What you need to do:
Return the records that follow unaltered. Omit every picture.

▼▼▼

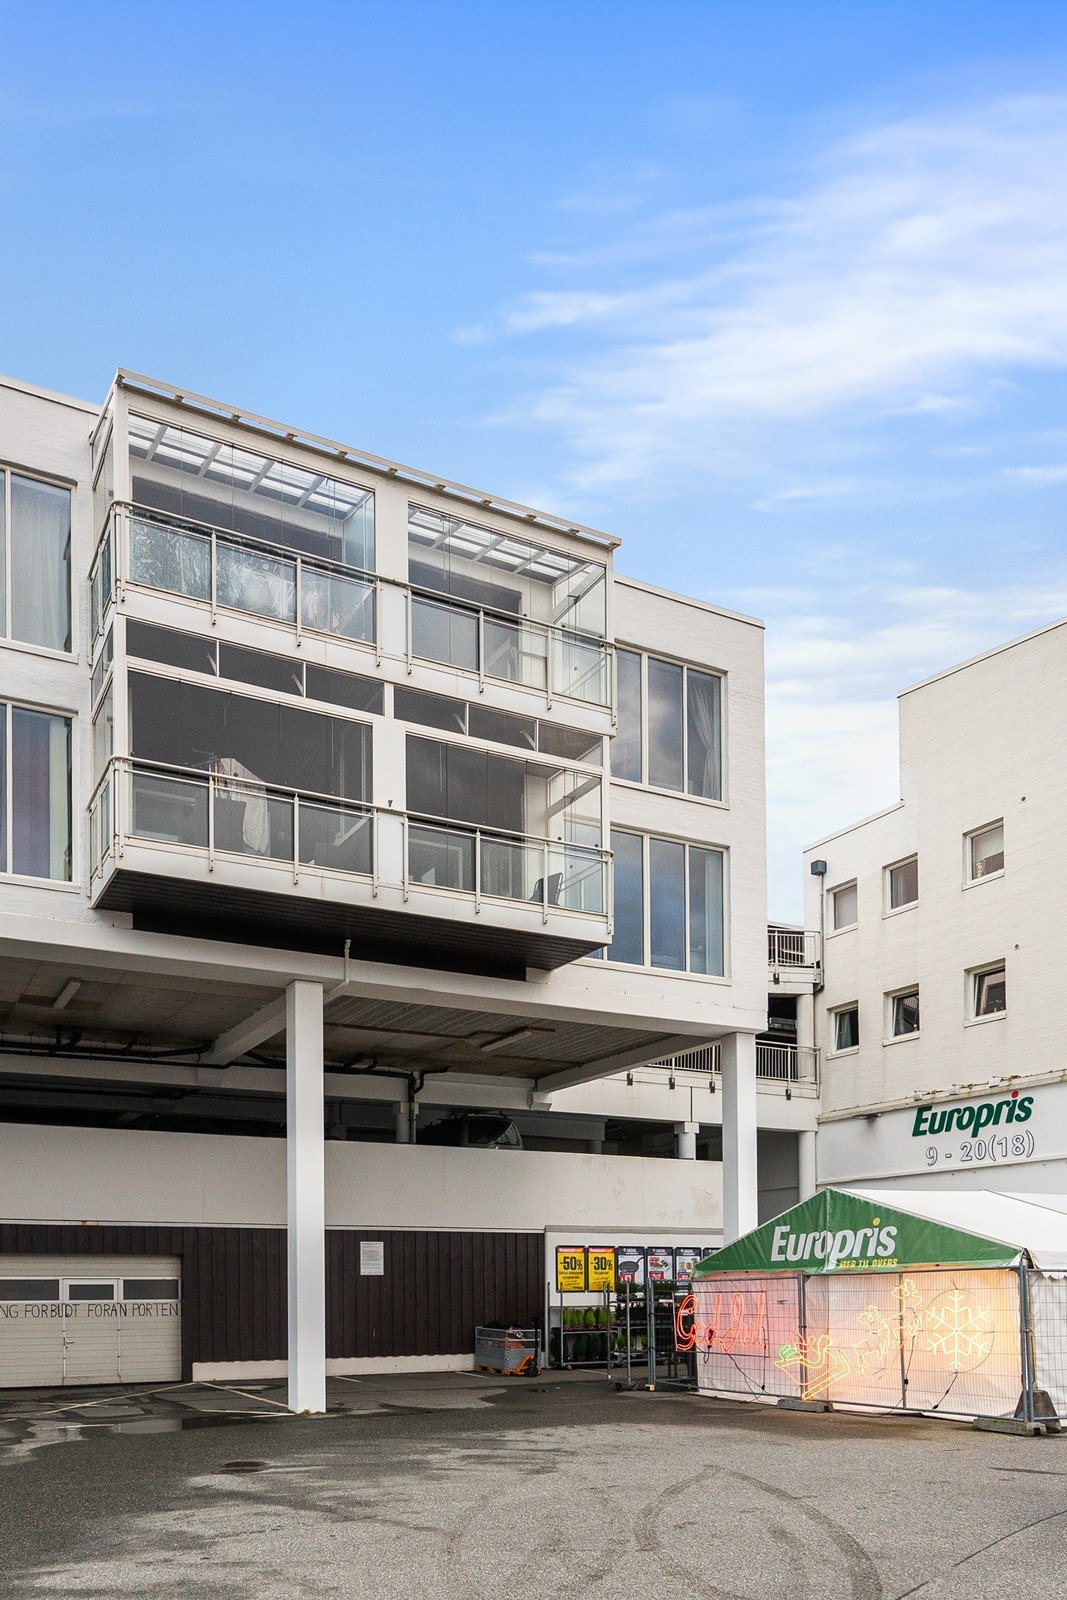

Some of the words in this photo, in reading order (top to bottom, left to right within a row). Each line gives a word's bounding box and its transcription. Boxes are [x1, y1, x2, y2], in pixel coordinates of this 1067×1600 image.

[912, 1091, 1034, 1138] Europris
[926, 1146, 938, 1166] 9
[960, 1130, 1035, 1161] 20(18)
[771, 1217, 898, 1270] Europris
[560, 1256, 583, 1271] -50%
[590, 1256, 613, 1271] -30%
[871, 1258, 898, 1268] OVERS
[24, 1304, 80, 1318] FORBUDT
[87, 1303, 127, 1317] FORAN
[132, 1302, 179, 1317] PORTEN
[676, 1293, 722, 1351] God
[721, 1292, 765, 1354] Jul
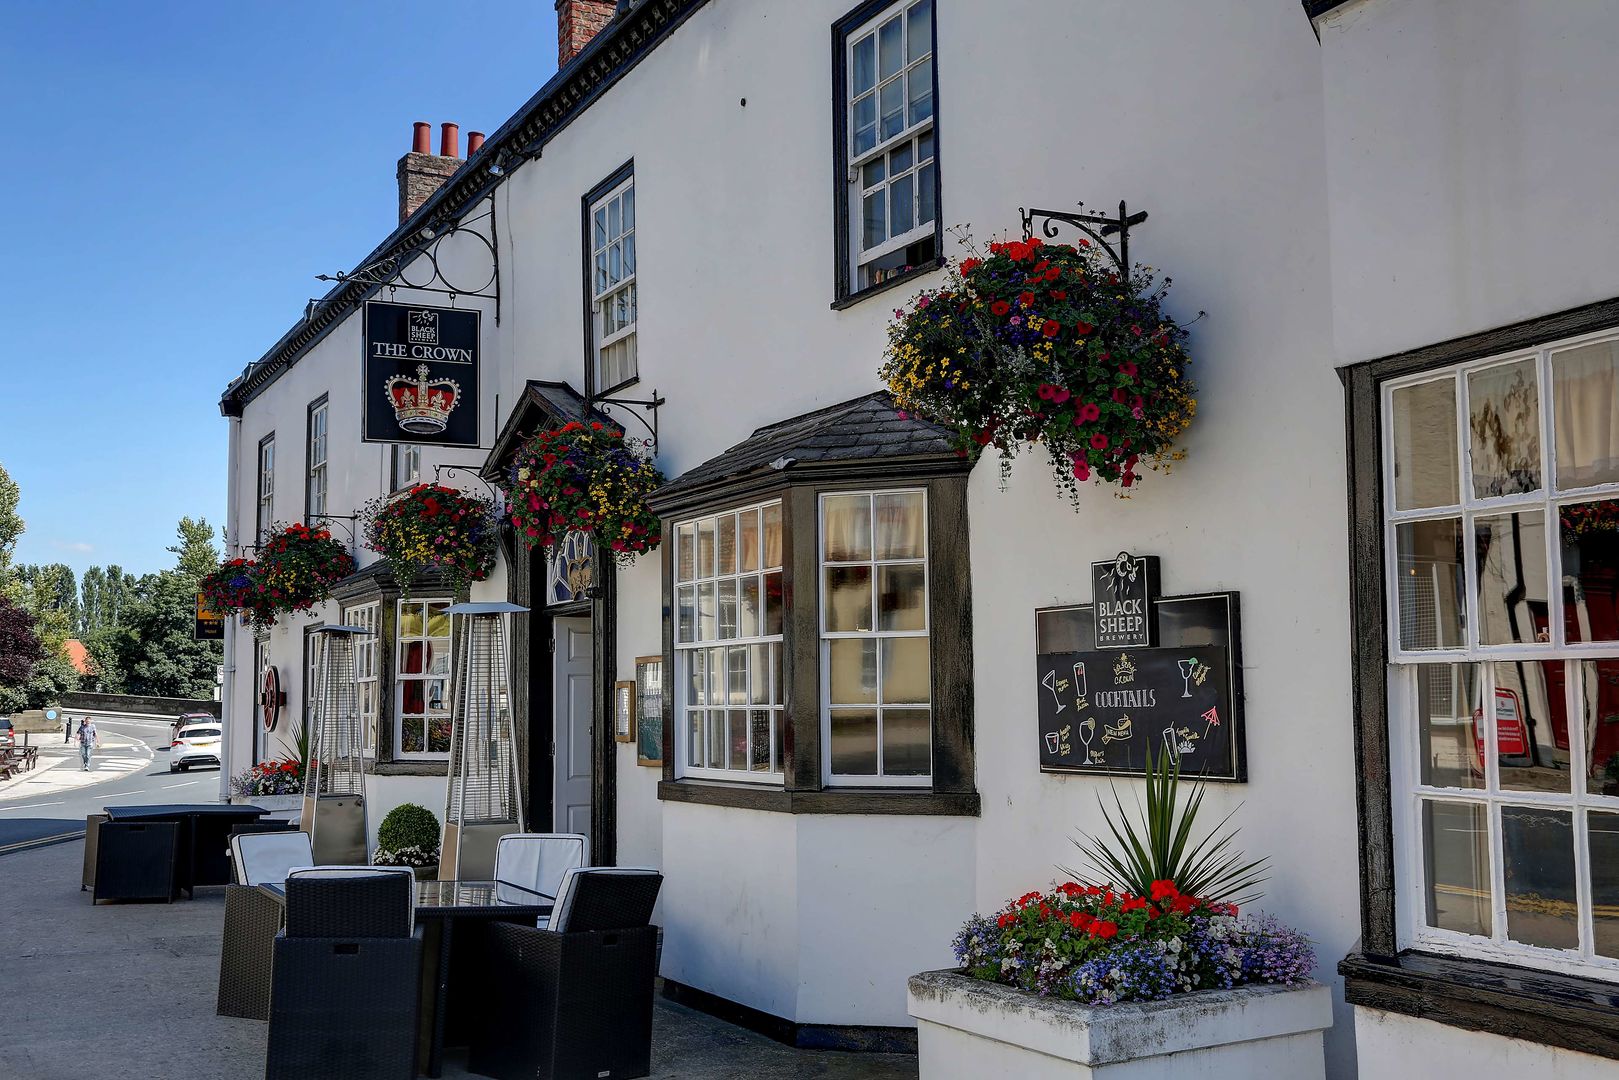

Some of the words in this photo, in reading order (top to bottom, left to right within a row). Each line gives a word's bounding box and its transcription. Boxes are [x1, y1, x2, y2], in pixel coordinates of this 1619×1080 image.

[411, 325, 436, 334] BLACK
[411, 331, 436, 340] SHEEP
[372, 341, 408, 357] THE
[411, 345, 473, 362] CROWN
[1099, 598, 1143, 617] BLACK
[1100, 616, 1143, 634] SHEEP
[1100, 633, 1144, 642] BREWERY
[1095, 689, 1156, 708] COCKTAILS
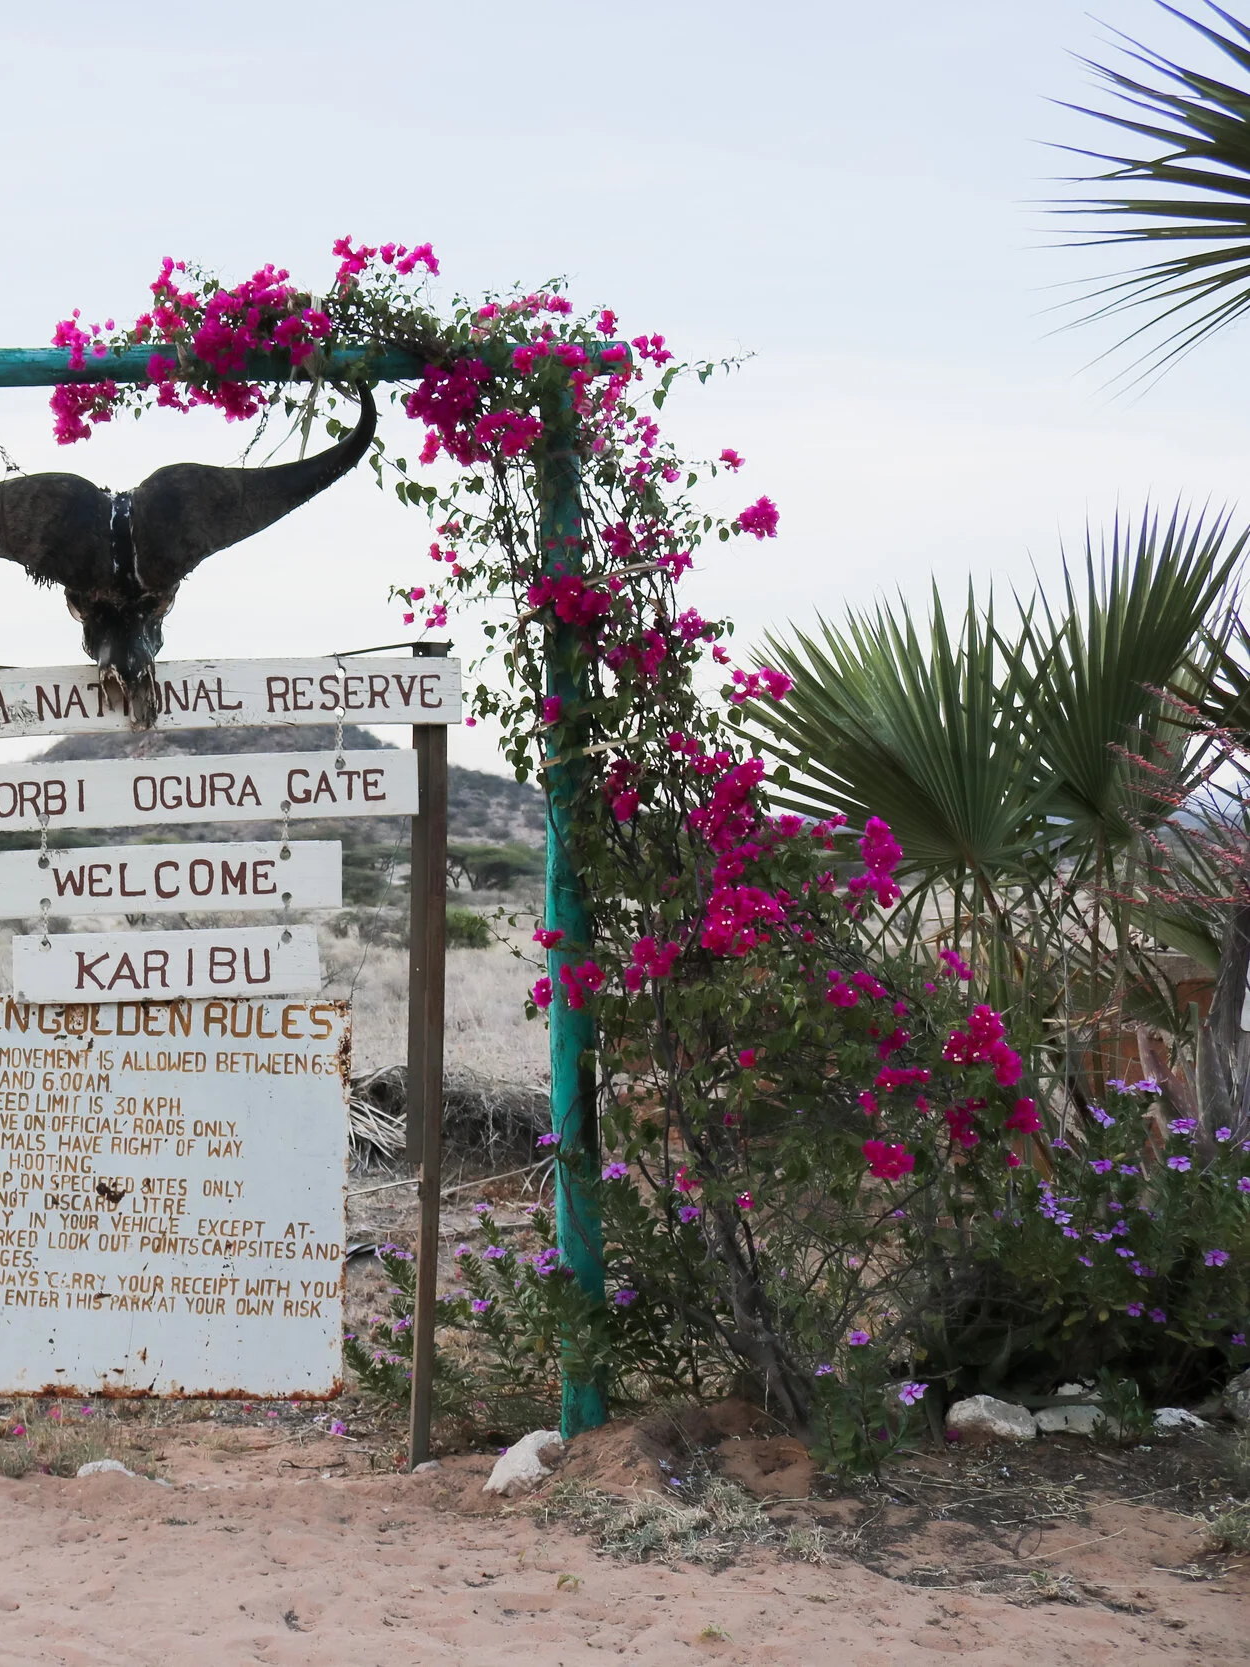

▲▲▲

Expected answer:
Some of the words in this photo, in reading order (top to bottom, left to right within a row). Each line gives a word's bounding box and its transcription. Boxes are [x1, y1, x2, y2], in pixel coordinates of this 1067×1600 image.

[912, 1091, 1034, 1138] Europris
[926, 1146, 938, 1166] 9
[960, 1130, 1035, 1161] 20(18)
[771, 1217, 898, 1270] Europris
[560, 1256, 583, 1271] -50%
[590, 1256, 613, 1271] -30%
[871, 1258, 898, 1268] OVERS
[24, 1304, 80, 1318] FORBUDT
[87, 1303, 127, 1317] FORAN
[132, 1302, 179, 1317] PORTEN
[676, 1293, 722, 1351] God
[721, 1292, 765, 1354] Jul

Some of the words in this photo, in reading order (top to bottom, left to right within a row). Each line gives a word's bounding box and its transcription. Boxes are [x1, y1, x2, y2], in pixel coordinates of this 1619×1080 image.

[411, 325, 436, 334] BLACK
[411, 331, 436, 340] SHEEP
[372, 341, 408, 357] THE
[411, 345, 473, 362] CROWN
[1099, 598, 1143, 617] BLACK
[1100, 616, 1143, 634] SHEEP
[1100, 633, 1144, 642] BREWERY
[1095, 689, 1156, 708] COCKTAILS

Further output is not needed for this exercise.